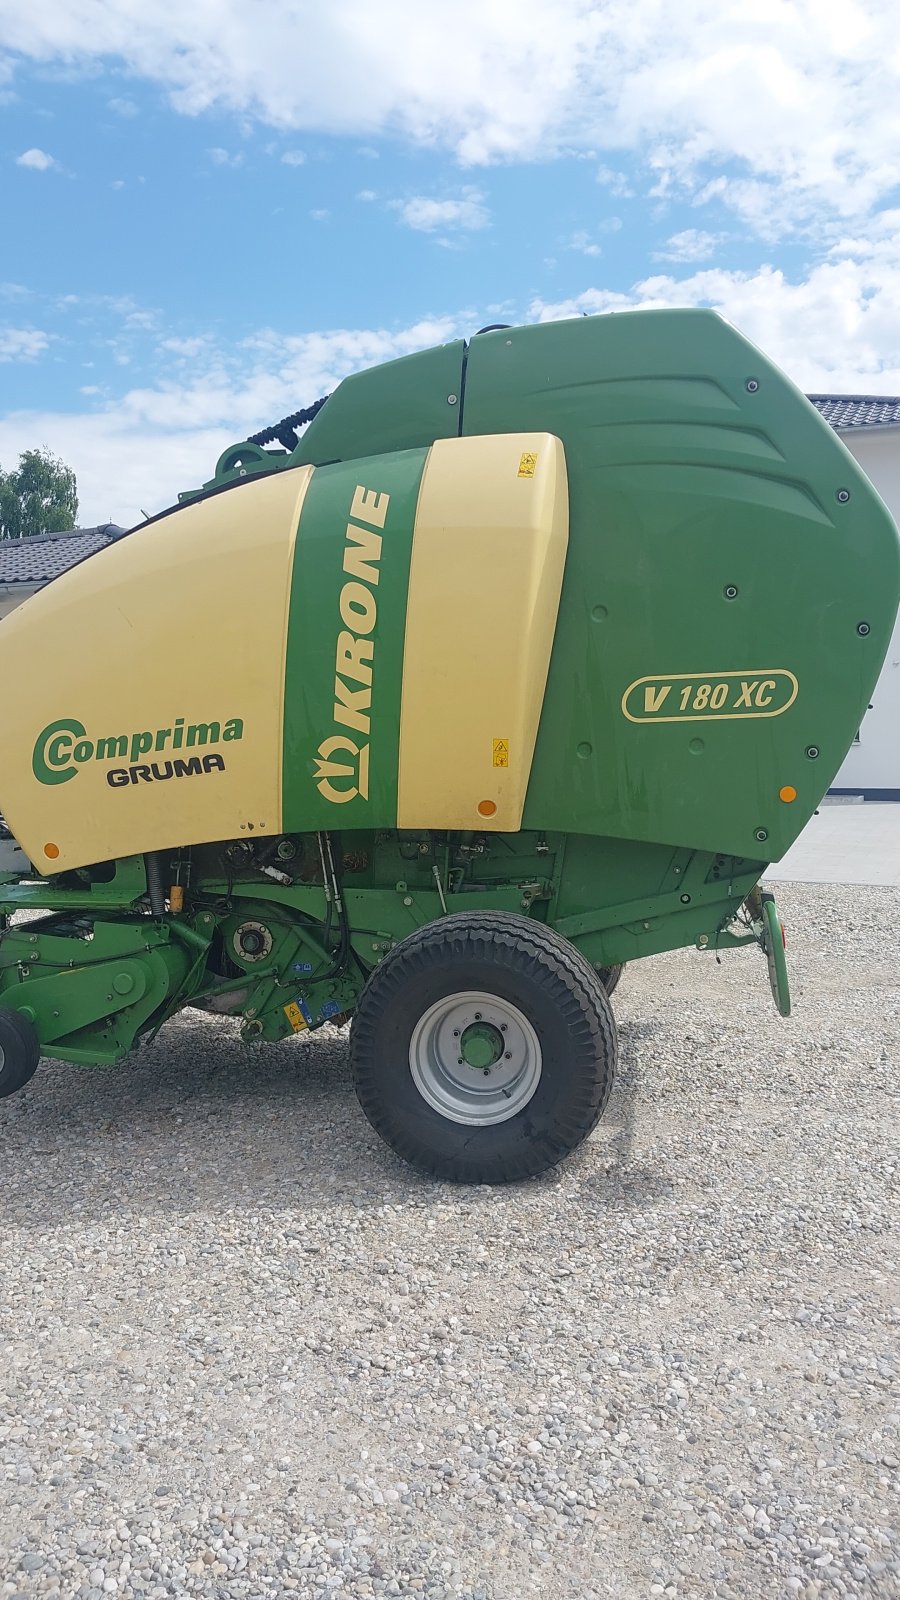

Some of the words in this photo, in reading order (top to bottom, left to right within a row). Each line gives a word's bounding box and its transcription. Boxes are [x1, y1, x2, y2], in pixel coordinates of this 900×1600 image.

[334, 485, 390, 735] KRONE
[644, 686, 672, 712] V
[679, 683, 729, 711] 180
[733, 680, 776, 708] XC
[32, 718, 244, 785] Comprima
[106, 753, 226, 788] GRUMA
============================================================
**Your assignment:**
All of the entries above should be copied exactly, except for the pictures.

**Result below:**
Some of the words in this photo, in reading order (top to bottom, left to right within a row). Each line gives a word's bounding box and its transcription. Boxes are [x1, y1, x2, y2], in pixel coordinates of this 900×1600 image.

[334, 485, 390, 735] KRONE
[644, 686, 672, 712] V
[679, 683, 729, 711] 180
[733, 680, 776, 708] XC
[32, 718, 244, 785] Comprima
[106, 753, 226, 788] GRUMA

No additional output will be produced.